Time to turn up the heat. He has to learn he is now and will always be the bottom dog in your pack.

You and your boys should be able to put your hand in the dogs food bowl ANYTIME you want. The dog owns nothing and every thing he gets he has to earn. Your kids and you have to be consistant and strong. Otherwise your Vizsla will be unhappy.

Good luck.
RBD


----------



## R E McCraith (Nov 24, 2011)

Bee try this with the pup out of the room where u feed him put your hand in the bowl and have the pup come in if he growls remove the bowl-keep trying this untill he learns you control the food-when it comes 2 him not wanting 2 b touched ignore him-praise him when he wants your attention-he will soon learn that the family are the alpha leaders


----------



## texasred (Jan 29, 2012)

If his aggression doesn't improve after working with him on the NILIF program you might consider having him neutered. It won't fix your problem but it can help with continued training.


----------



## Ozkar (Jul 4, 2011)

Cutting his nuts off won't always fix it. Often it won't change as it's not a hormonal thing, it's a "where do I fit in in the pack" thing.


----------



## texasred (Jan 29, 2012)

Never said it would fix the problem. Aggressive males are more likely to be aggressive if a female comes into heat around them. They have even been known to guard the female from other family members. Doesn't have to be your female it can be one in a neighbors yard. Having kids in the house would be my main concern.
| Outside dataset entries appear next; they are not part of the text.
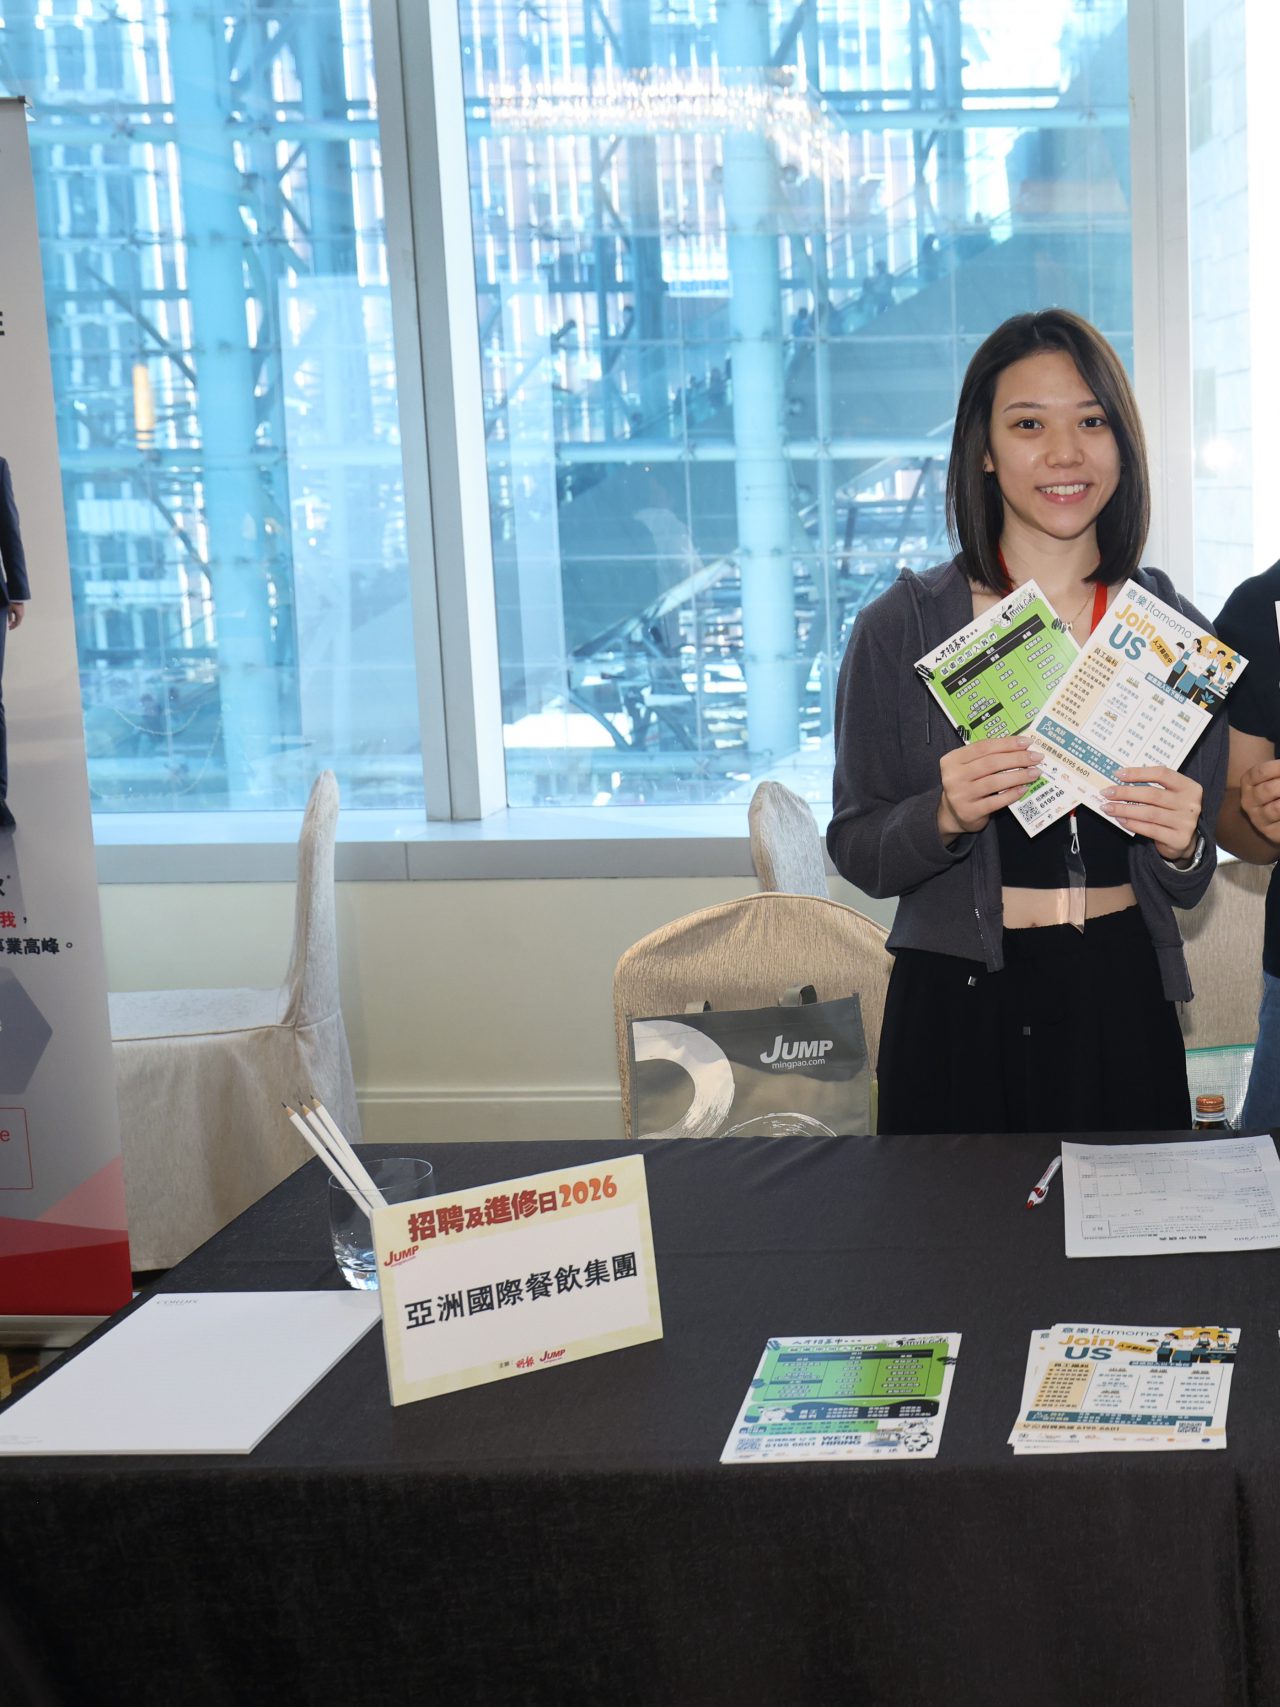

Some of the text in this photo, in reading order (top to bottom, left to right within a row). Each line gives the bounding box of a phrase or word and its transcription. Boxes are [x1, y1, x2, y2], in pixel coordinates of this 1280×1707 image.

[1115, 604, 1156, 639] Join
[1145, 601, 1192, 639] Itamomo
[1109, 624, 1146, 660] US
[1062, 756, 1076, 769] 6195
[1076, 766, 1090, 777] 6601
[1040, 790, 1064, 808] 6195 66
[760, 1035, 833, 1064] JUMP
[771, 1057, 826, 1070] mingpao.com
[407, 1175, 618, 1243] 招聘及進修日2026
[384, 1245, 419, 1267] JUMP
[404, 1251, 638, 1330] 亞洲國際餐飲集團
[1057, 1334, 1116, 1346] Join
[539, 1349, 566, 1362] JUMP
[1062, 1346, 1113, 1360] US
If the dog does have a dominance problem that leads to aggression then he should never be bred, there for making his nuts of no use.


----------



## Ozkar (Jul 4, 2011)

Won't always fix the training problem either. The most sensible solution is to put in some time with the dog! I find that is a great fix for most issues. Most issues are caused from a lack of consistent and repetitive training. I have a male of each gender..... one with....one without.... the one without is way more aggressive and self confident than the entire male. He's also no less or more easy to train. 
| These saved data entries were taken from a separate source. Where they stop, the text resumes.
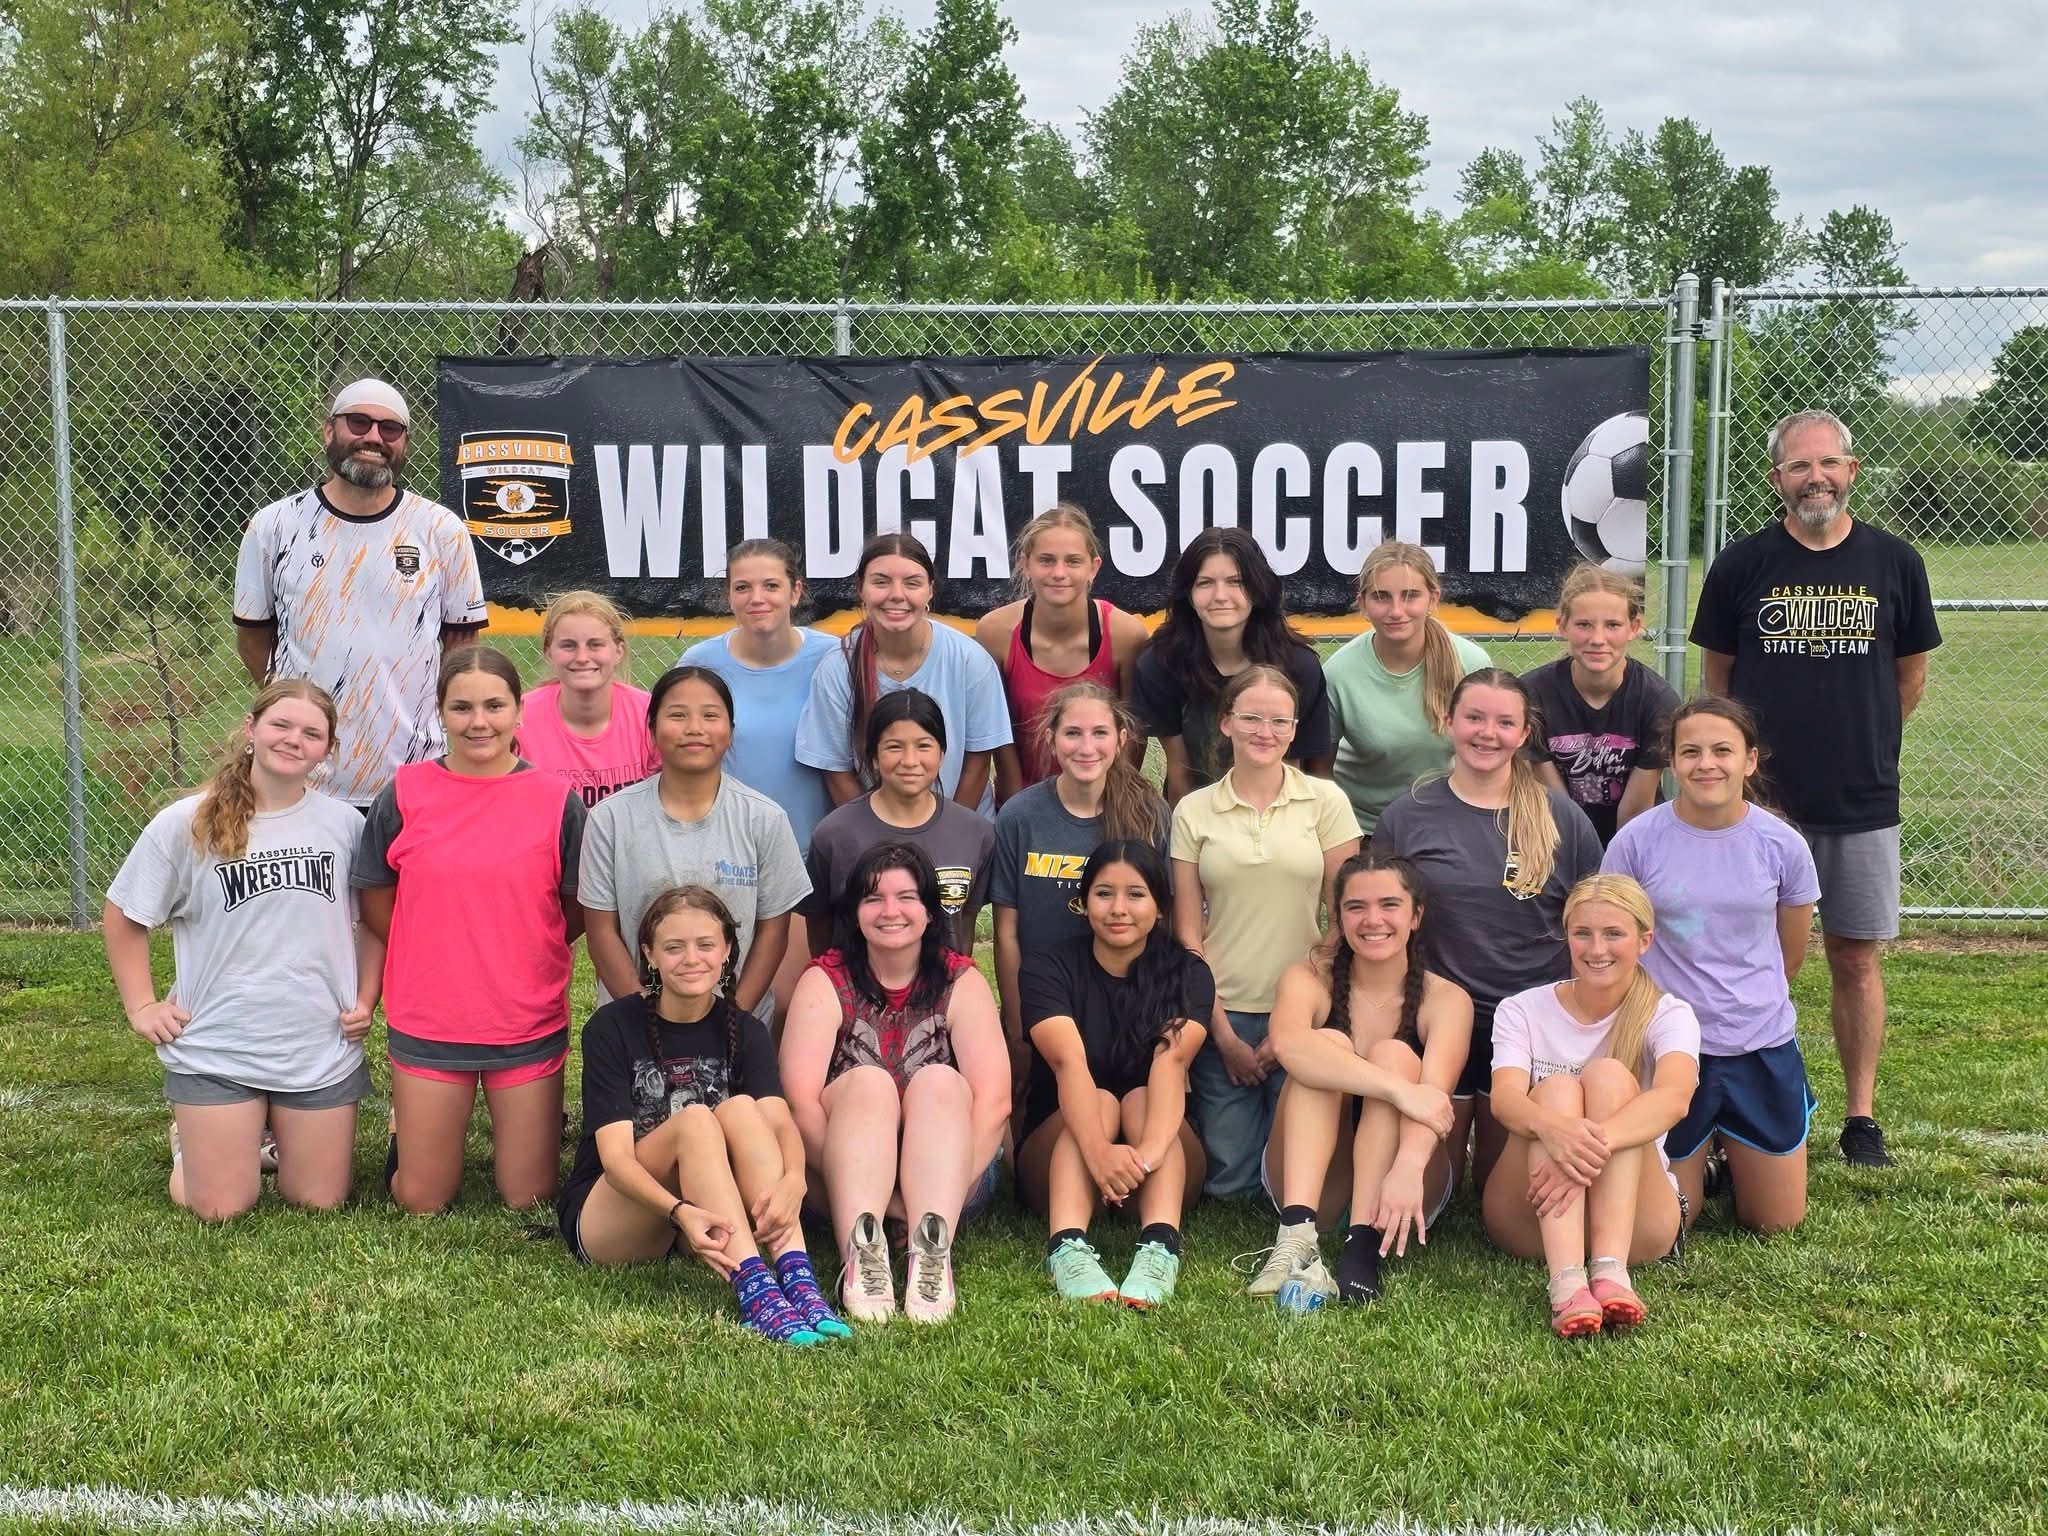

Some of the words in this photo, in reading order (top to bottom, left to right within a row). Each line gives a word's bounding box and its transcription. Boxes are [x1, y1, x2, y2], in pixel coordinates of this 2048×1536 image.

[832, 354, 1239, 465] CASSVILLE
[462, 442, 567, 460] CASSVILLE
[486, 466, 543, 475] WILDCAT
[1108, 440, 1530, 577] SOCCER
[485, 526, 549, 536] SOCCER
[1772, 585, 1867, 597] CASSVILLE
[1785, 598, 1879, 631] WILDCAT
[1763, 640, 1807, 654] STATE
[1830, 640, 1870, 655] TEAM
[250, 846, 314, 860] CASSVILLE
[1024, 852, 1090, 879] MIZ
[216, 853, 335, 911] WRESTLING
I guess I should just but out on any conversations with removing nuts, using prongs or E's!!!   You all know my thoughts on these things by now, so I suppose my replies are somewhat academic.


----------



## texasred (Jan 29, 2012)

[quote author=Ozkar link=topic=3730.msg25909#msg25909 date=1330234975

I guess I should just but out on any conversations with removing nuts, using prongs or E's!!!   You all know my thoughts on these things by now, so I suppose my replies are somewhat academic. 
[/quote]


No need to but out, I'm pretty thick skinned and someone having a problem should be able to hear more than just one option. I stated If the aggression doesn't improve after training.
Ive owned quite a few dogs in my lifetime and have owned one that was dominate. He could and would get aggressive if not handled properly. He would have probably been put down by most people but I choose to keep and work with him.


----------



## mswhipple (Mar 7, 2011)

Hi, Bee32, and welcome to the forums! The resource guarding can be addressed by having you and your two sons, alternately, feed your Vizsla boy by hand, one piece at a time. It makes it a little clearer to the dog where the food comes from, and who owns it. The growling and snapping just cannot be tolerated. You must make it very clear to him that this is unacceptable behavior. Also, at his age, keep up the socialization, and maybe even increase it. He sounds like a good dog, alright, and you just need to be sure he knows who's the boss (ie., not him).


----------



## finch (Sep 19, 2011)

Another approach to the resource guarding, used in positive reinforcement training, is to walk up to your dog's bowl while he is eating and toss little treats into the bowl with his food. Taking the dog's food away if he growls is teaching him to tolerate you, vs. giving him something extra special teaches him that people are welcome to touch his food any time they want b/c he gets something good from it. This also works if they are guarding with marrow bones, bully sticks, other high value treats - don't just take it is away. Take it away, give him something special in return and then give him the marrow bone back after he waits patiently for it. You can also do this just with regular toys that he is allowed to chew on. Doing this training helps when he ends up with something in his mouth that he shouldn't have... he'll more readily give it up if he thinks he will get something and might get the original thing back. He won't get it back 100% of the time, but he doesn't know that!


----------



## Lindsey1420 (Jan 28, 2012)

Jack just started this. I went to take his bone away and he growled and snapped at me. I was so surprised amd shocked. He then did it again to my newphew who just went to pet him, but while he was eating his favorite treat. I dont like this at all. He never snaps or growls when I put my hand in the bowl, just eats faster. So then I have to slow him down. 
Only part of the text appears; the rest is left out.